GroundPoint is the registered hit.point that is registered exactly below the player. In my case I pass the value through another parameter which explain why I use GroundPoint instead of just hit.point. With this conditional setup, whenever the player is within 0 and 0.2f unit (which is, in my case, about half of the size of the character’s foot), its position on Y automatically change to the 0.05f. The “isJumping”, as you might guess, is a simple checkup that activate when the player is jumping as we don’t want the code to affect the player when he’s trying to jump.

You might be able to have it smaller like 0.1f or 0.15f, but in my case, the player can drop fast enough to cover up to 0.15f between 2 frames so with 0.2f, I know it’s relatively safe (for now at least). At some point, I might to even store the ground position and do some kind of triple check for PCs who might have an huge drop of FPS. (I’m still not on the part about optimizing for low-end PC yet.)

By “forcing” the position when within at something like 0.2f unit of ground, this remove the jerking that usually happens with only relying to the direct Raycast feedback. Since the player usually fall at 0.15f unit per sec in my game, “forcing” the position at 0.05f doesn’t appears to the eye.

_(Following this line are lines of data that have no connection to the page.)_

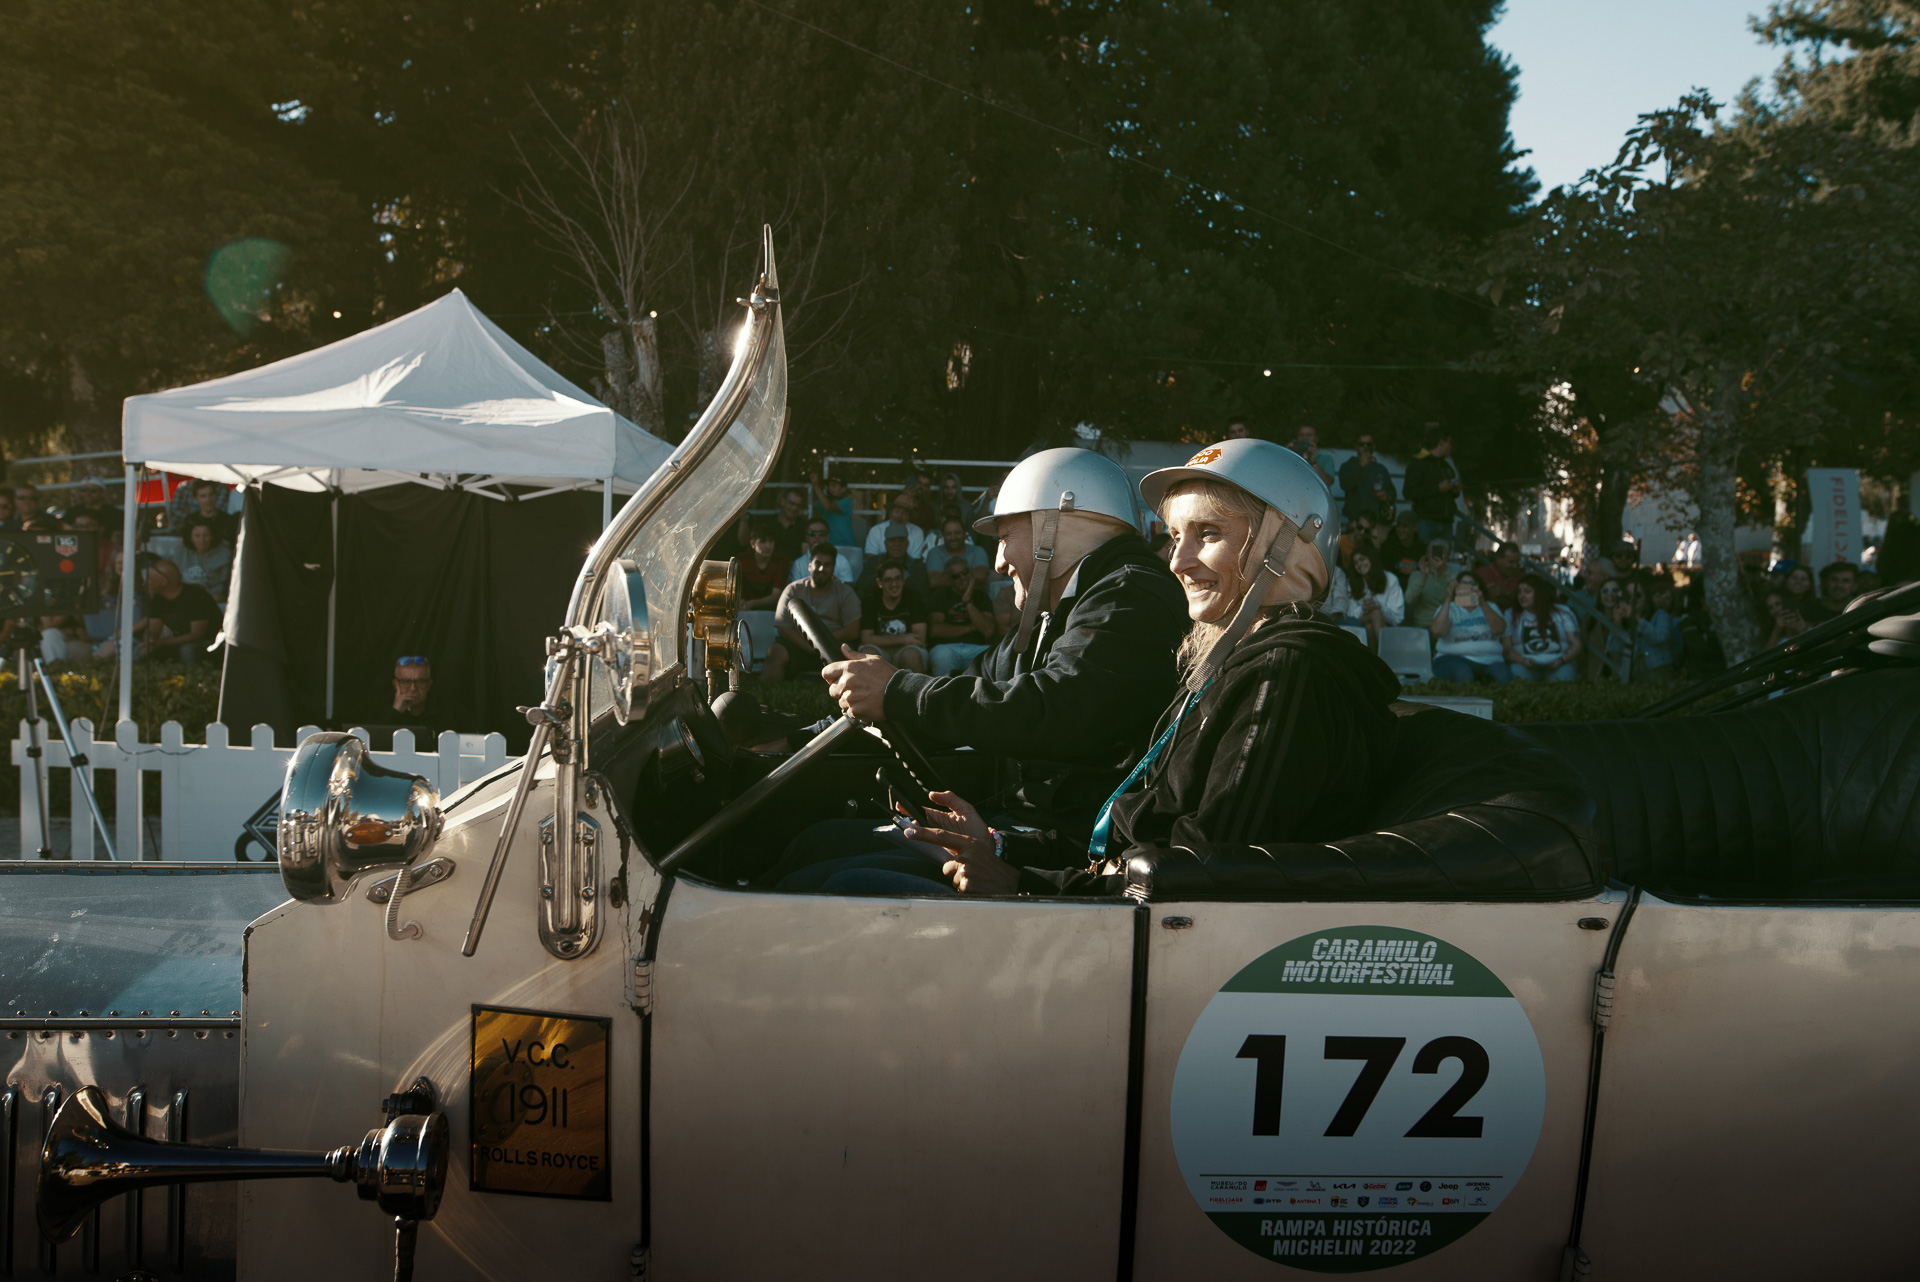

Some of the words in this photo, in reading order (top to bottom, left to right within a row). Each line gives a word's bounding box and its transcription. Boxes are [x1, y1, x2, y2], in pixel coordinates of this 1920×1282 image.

[1311, 938, 1438, 963] CARAMULO
[1281, 960, 1455, 985] MOTORFESTIVAL
[502, 1037, 575, 1070] V.C.C.
[1235, 1034, 1490, 1138] 172
[510, 1083, 568, 1129] 1911
[480, 1146, 538, 1166] ROLLS
[541, 1152, 599, 1171] ROYCE
[1438, 1182, 1459, 1191] Jeep
[1260, 1219, 1327, 1237] RAMPA
[1332, 1216, 1432, 1237] HISTÓRICA
[1272, 1239, 1365, 1256] MICHELIN
[1369, 1239, 1417, 1256] 2022

Just in case (for anyone who read this), if you allow the player to have “partial jump” (as jump that jump higher or lower based on how long they hold the jump button when jumping), I suggest you put a “minimum” jump force/height if you’re planning on using the raycast to simulate the ground physics otherwise it will look kinda strange if the player only slightly tap the jump button and the player jump an height too close to the ground checkup (in my case between 0 and 0.2f). For example, if the player jump 0.3f units, as soon as he gets within the 0.2f “poof” he’s at 0.05f. Since the momentum isn’t at its faster on the way down, it’s not the ideal. That’s why I would suggest that, in such case, the jump action should cover a minimal height of 3x or 4x the Checkup height value. (in my case, the player should not jump lower than 1 unit.)